[Data for review]
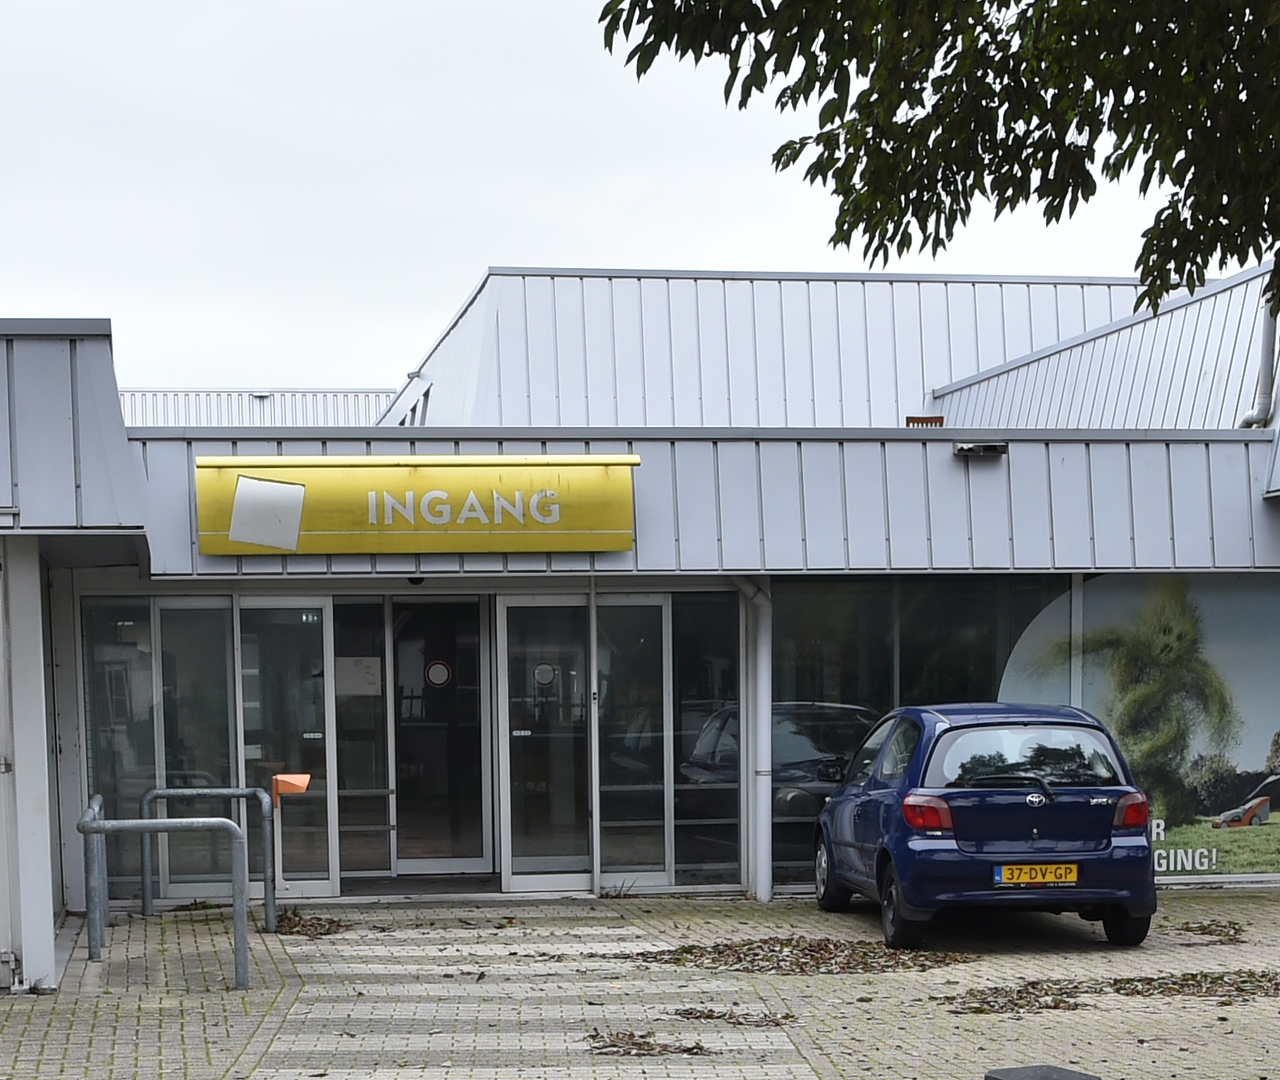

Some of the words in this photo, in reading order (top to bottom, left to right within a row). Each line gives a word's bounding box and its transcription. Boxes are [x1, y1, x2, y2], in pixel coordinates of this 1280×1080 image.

[367, 490, 561, 525] INGANG
[1151, 819, 1166, 841] R
[1153, 848, 1218, 872] GING!
[1006, 867, 1073, 881] 37-DV-GP

[What you should do] Your answer must be the records above, word for word, with no pictures.

[Final answer]
Some of the words in this photo, in reading order (top to bottom, left to right within a row). Each line gives a word's bounding box and its transcription. Boxes are [x1, y1, x2, y2], in pixel coordinates of this 1280×1080 image.

[367, 490, 561, 525] INGANG
[1151, 819, 1166, 841] R
[1153, 848, 1218, 872] GING!
[1006, 867, 1073, 881] 37-DV-GP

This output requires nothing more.